Do you/your fiancé have a favorite holiday or time of year?
- Having a wedding on a holiday used to be taboo, but now, it is becoming increasingly popular. Holiday weddings also lend themselves well to themes or at the least, are helpful when it comes to choosing decorations and possibly even attire.
- If not a particular holiday, maybe one or both of you loves a certain season or time of year. Have you ever considered wearing fur-trimmed capes and arriving to the ceremony in a horse-drawn sleigh in the snow? Are you both sun-worshippers and want to be married on the beach at sunset? What if you were married in a park, surrounded with the falling gold, orange, red and yellow leaves of Autumn? Or are you more traditional, and wish to marry in the Spring, with fresh flowers and sprigs of greenery and pastel fabrics all around?
Once you have narrowed down the day/date, there are some additional factors you may want/need to consider. Such as, is the day/date going to be convenient for you, your fiancé, any children, the wedding party, the family and guests? Possible conflicts to look at include:
- Work. Since most weddings are held on the weekend, this may not be a factor. However, if you are thinking of having your ceremony during the week, or if you have out-of-town guests coming to your wedding, this may be an issue. Also consider if you are going to need time off for a honeymoon.
- School. Same as for work.
- Previous commitments. Make sure you have not volunteered to work the fall festival at your son's school that weekend. Or possibly that is the weekend of your company's softball team finals (and you're the shortstop).
- Special family dates. Is that the weekend of your niece's high school graduation? Or maybe that's the anniversary of Uncle Harry's death. You may want to contact a few close family members to ask them to help you look at possible family conflicts.
- Is there enough time to plan the type of wedding you would like? The larger/more complicated the wedding, the more time you will need to plan and the further in advance you will need to book vendors.
- Is the time of year popular for weddings? If you are choosing a more popular time of year for your wedding, such as June, you will need to book vendors, halls, officiants, etc., as much as a year in advance.
- Is there enough time for out-of-town guests to make arrangements? If you are going to have quite a few out-of-town guests, realize they need to schedule time off from work, make travel and lodging arrangements, etc. If you expect them to attend, it is only polite to give them a fair amount of notice to plan. This becomes even more important if you are going to ask people to travel on a major holiday weekend.
- Have you considered the weather/climate for that time of year? Realizing that you may have chosen that time of year because of the weather, will it be inconvenient for people traveling? (e.g., winter and snow.) If you are planning a beautiful outdoor ceremony during the rainy season in your area, you probably should have a back-up plan to hold the ceremony indoors.

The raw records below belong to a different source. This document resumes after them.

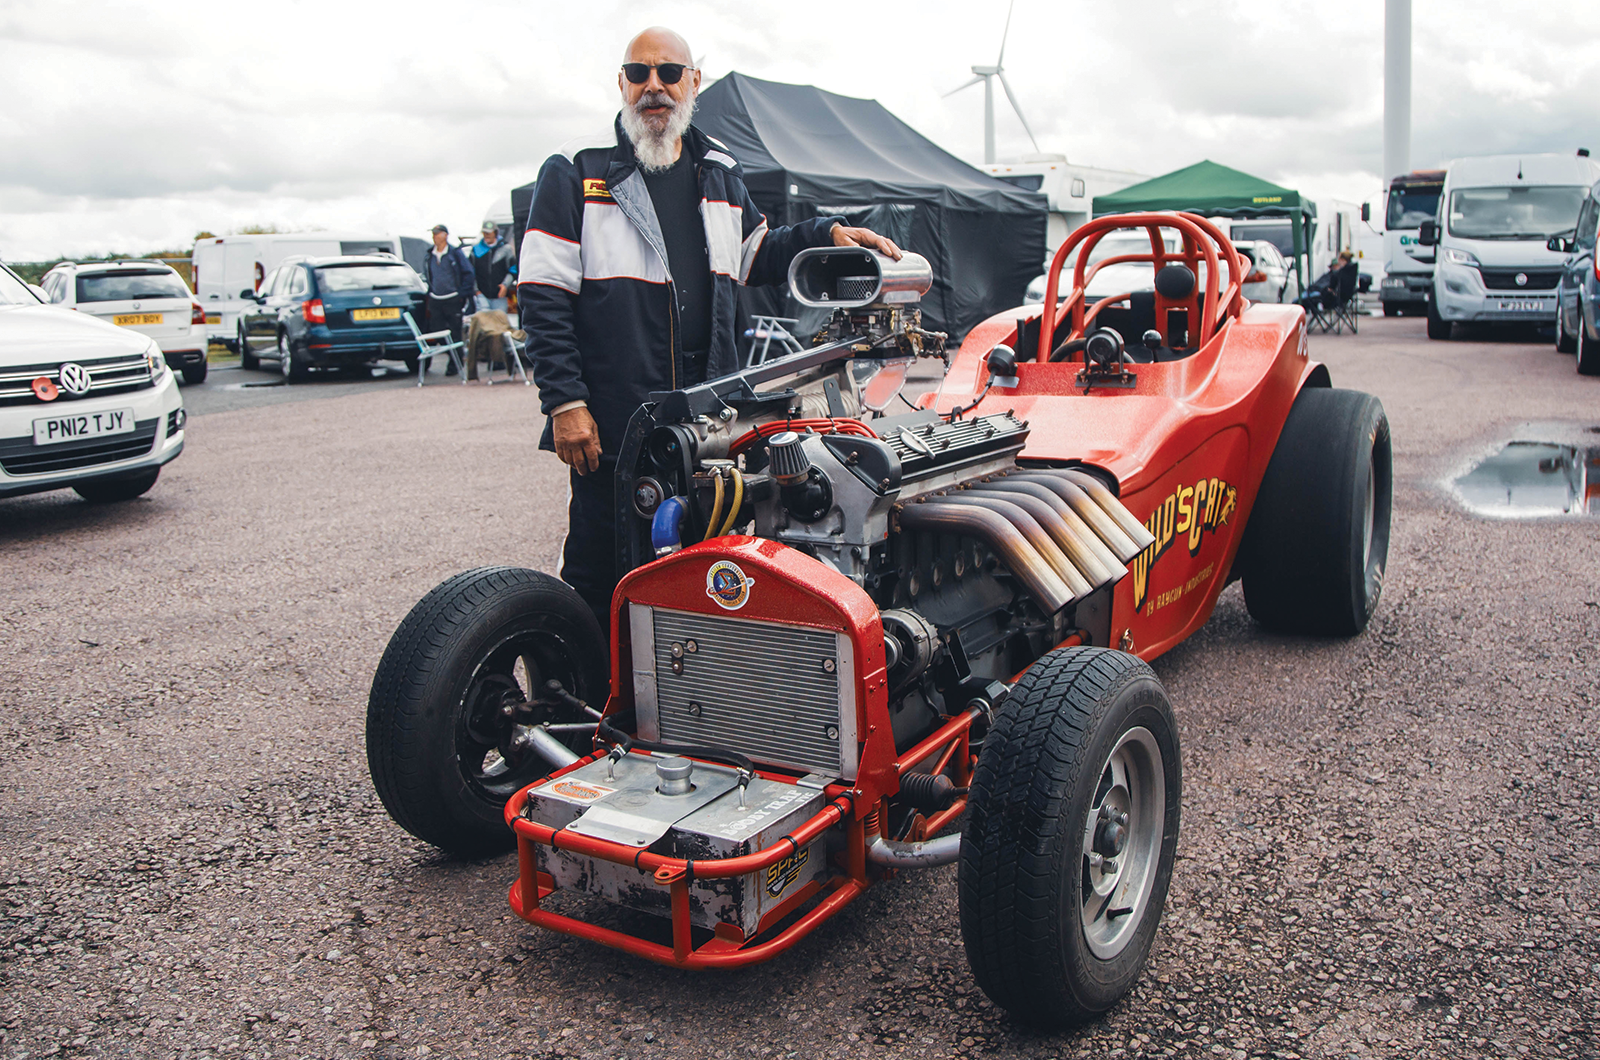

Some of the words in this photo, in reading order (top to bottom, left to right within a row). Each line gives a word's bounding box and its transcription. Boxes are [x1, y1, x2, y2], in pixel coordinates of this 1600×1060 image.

[47, 416, 89, 439] PN12
[93, 411, 124, 432] TJY
[1146, 599, 1155, 617] BY
[719, 809, 772, 836] BOOBY
[764, 789, 802, 810] TRAP

- If you live in a tourist area, have you considered the tourist season(s)? Again, this could interfere with travel and/or lodging arrangements for out-of-town guests, not to mention availability of facilities for the actual wedding or reception.

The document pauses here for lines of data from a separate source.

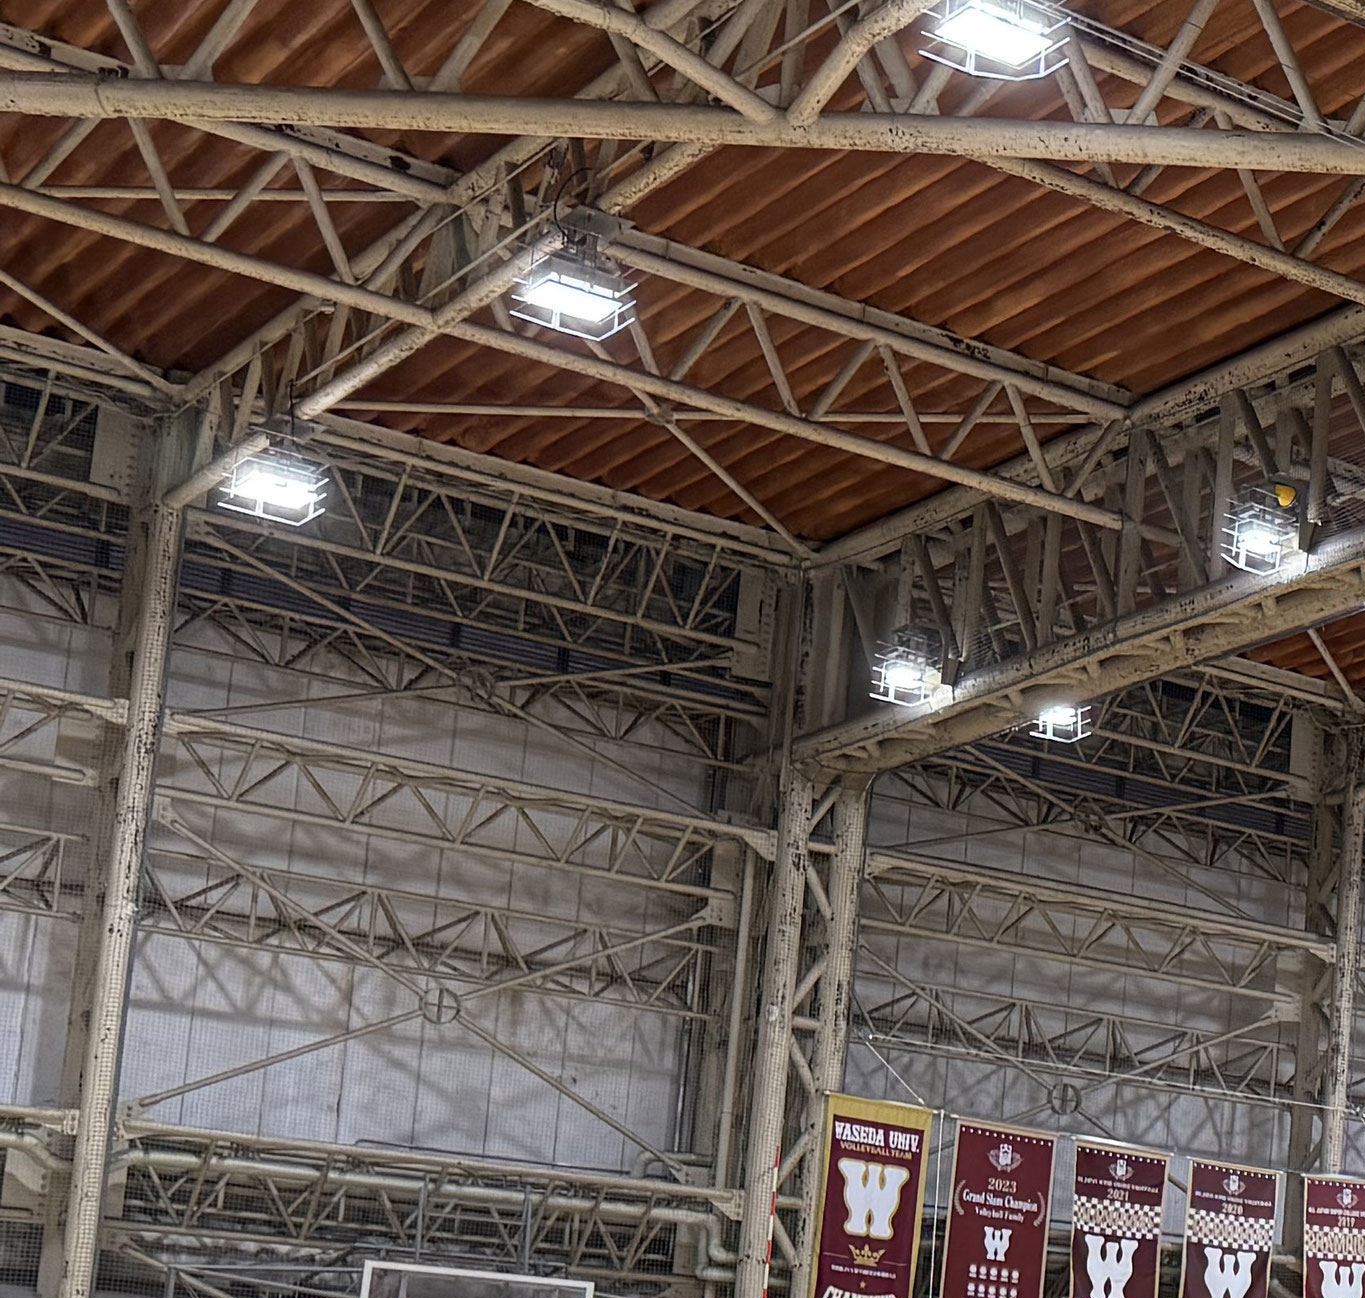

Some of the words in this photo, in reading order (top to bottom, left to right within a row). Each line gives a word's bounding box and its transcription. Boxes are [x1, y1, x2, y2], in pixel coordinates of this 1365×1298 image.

[834, 1121, 885, 1147] WASEDA
[889, 1130, 920, 1152] UNIV.
[987, 1177, 1017, 1193] 2023
[1107, 1188, 1129, 1201] 2021
[838, 1157, 910, 1240] W
[963, 1188, 985, 1204] Grand
[987, 1191, 1003, 1206] Slam
[1004, 1194, 1038, 1214] Champion
[1005, 1209, 1024, 1223] Family
[984, 1226, 1012, 1262] W

- Seriously consider scheduling the ceremony on a day other than Saturday. Most couples choose Saturday because of tradition more than any other reason. The "tradition" is that the churches had services on Sunday, so Saturday was the only time the minister and the church were available. If you are not going to use a church for the ceremony, and more and more couples are not, you can save quite a lot of money by scheduling the ceremony on a Sunday (or even during the week.) In some areas, the savings is substantial.
And finally, most, if not all of the above need to be considered for the honeymoon as well. Many couples nowadays are putting off their honeymoon for a short time to take advantage of price savings, availability of locations, or to best schedule time off from work. This may give you more leeway in planning your honeymoon.
(A brief note about postponing the honeymoon: If you are going to put off the honeymoon for a more convenient time, it is important to book it like all the other aspects of the wedding and schedule it not too long after the wedding. Otherwise, it is too easy to talk yourself out of it, thinking that the money could be used for better things, you'll have plenty of time next year, etc., and then never actually get around to taking one.)